Instructions for the task:
Repeat the whole listing word for word, skipping pictures.

Top of Supplied data

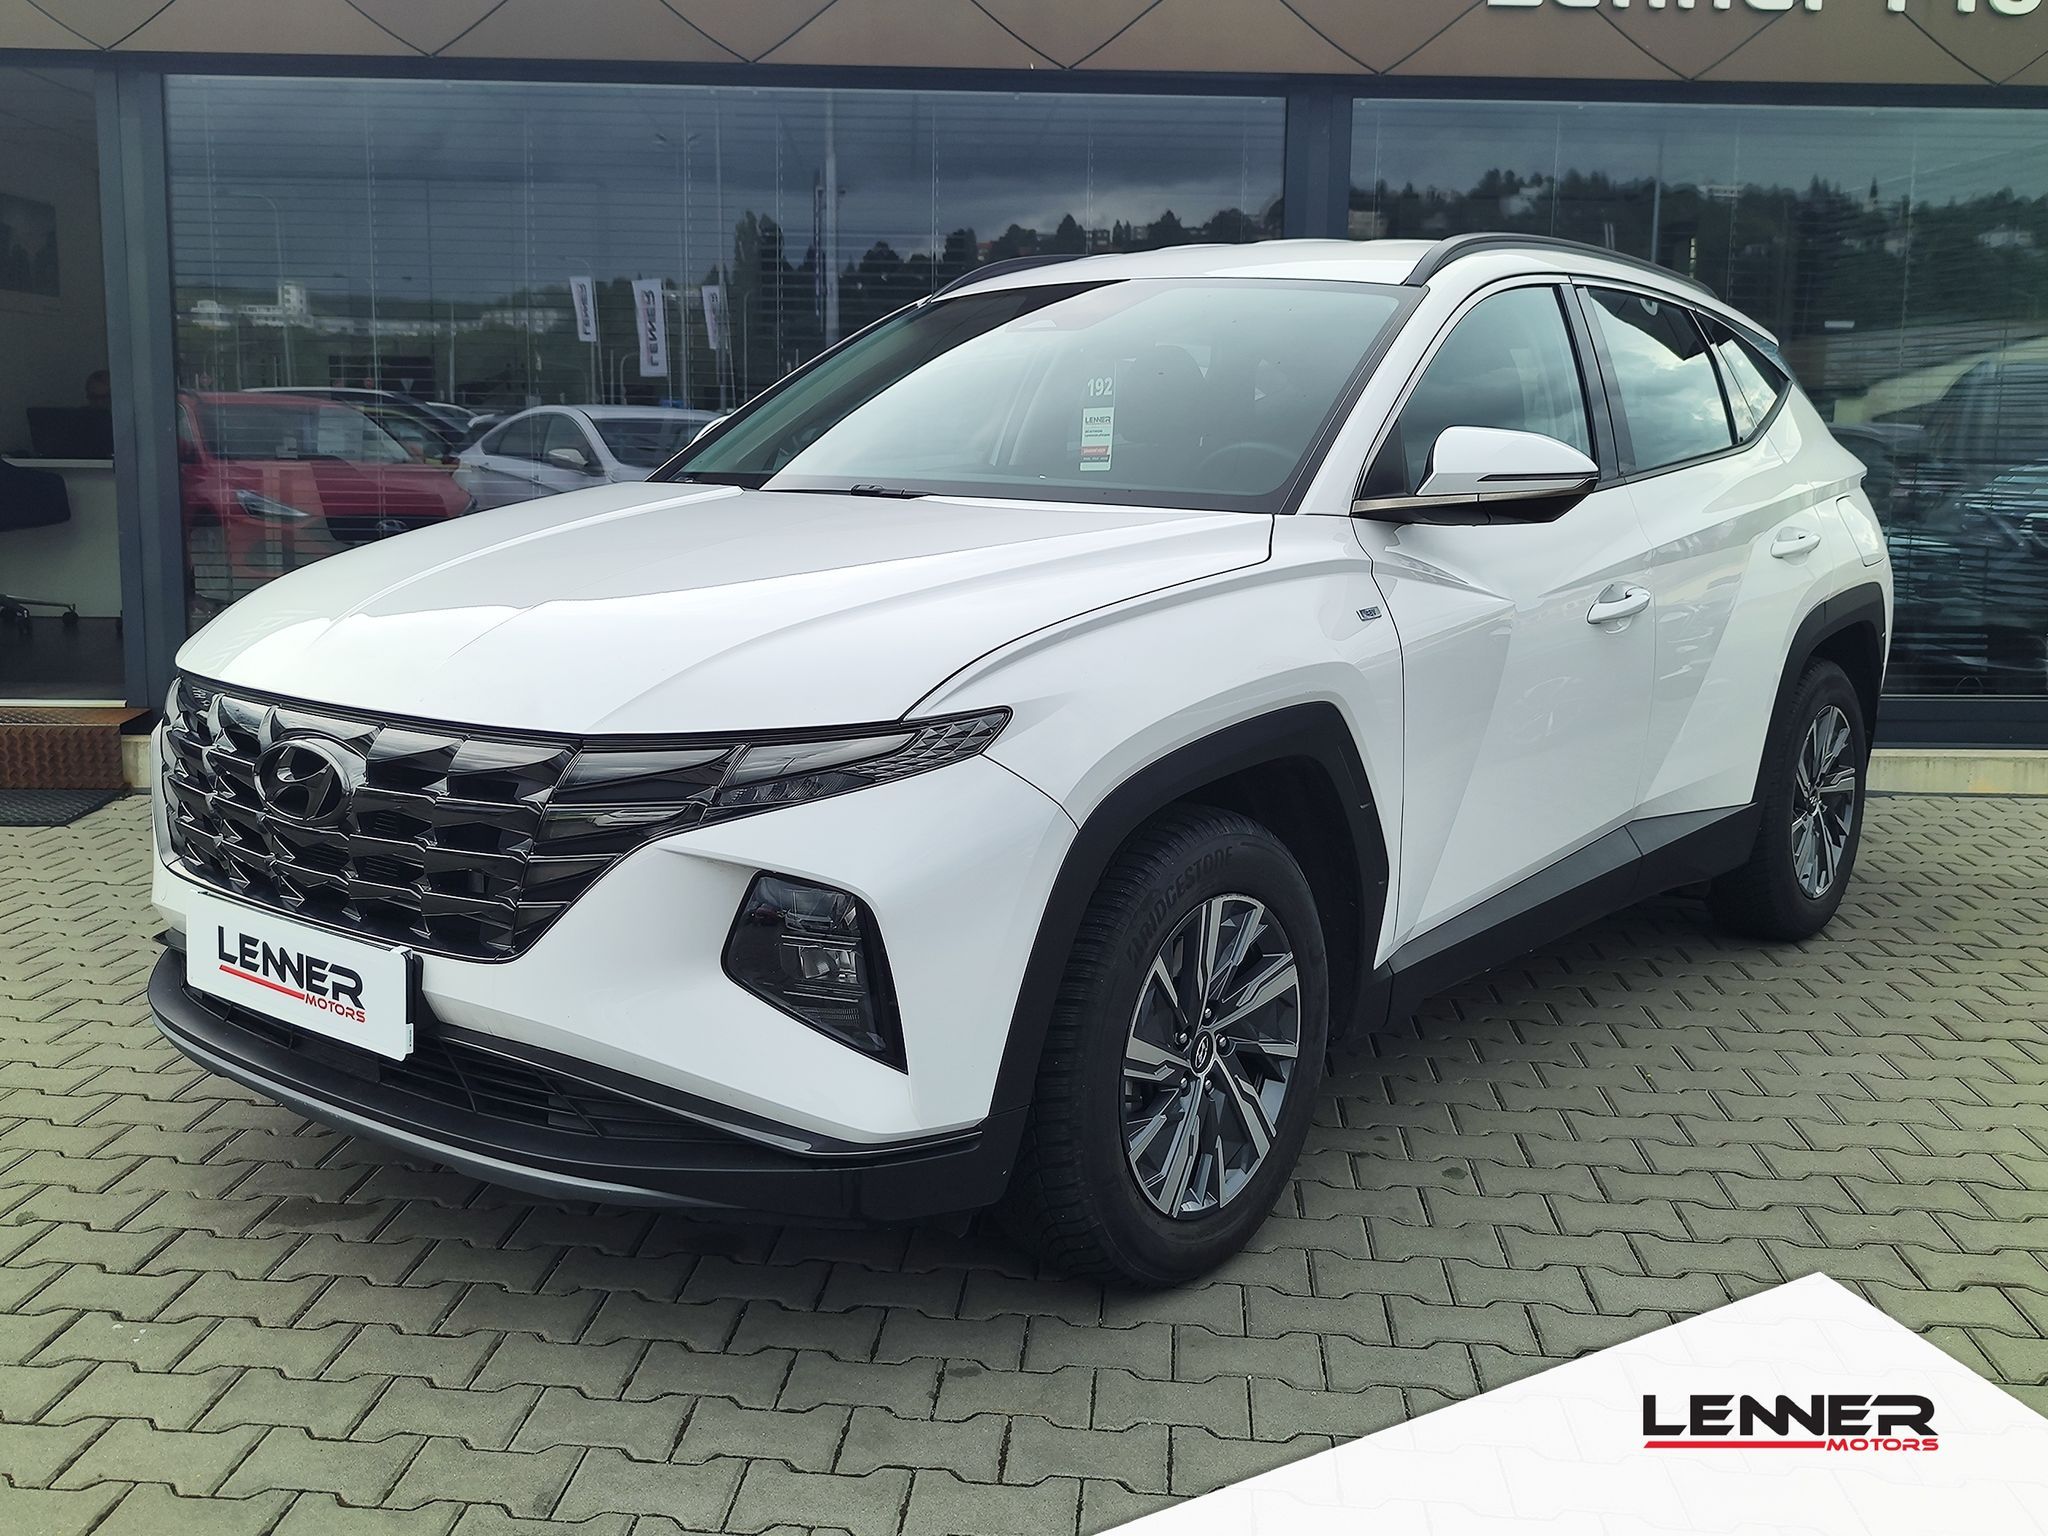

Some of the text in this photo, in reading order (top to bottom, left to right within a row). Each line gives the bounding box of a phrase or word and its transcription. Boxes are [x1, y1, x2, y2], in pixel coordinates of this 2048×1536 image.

[1087, 377, 1113, 397] 192
[1085, 416, 1111, 424] LENNER
[217, 925, 365, 1010] LENNER
[305, 993, 366, 1023] MOTORS

Bottom of Supplied data

Answer to the problem:
Some of the text in this photo, in reading order (top to bottom, left to right within a row). Each line gives the bounding box of a phrase or word and its transcription. Boxes are [x1, y1, x2, y2], in pixel coordinates of this 2048×1536 image.

[1087, 377, 1113, 397] 192
[1085, 416, 1111, 424] LENNER
[217, 925, 365, 1010] LENNER
[305, 993, 366, 1023] MOTORS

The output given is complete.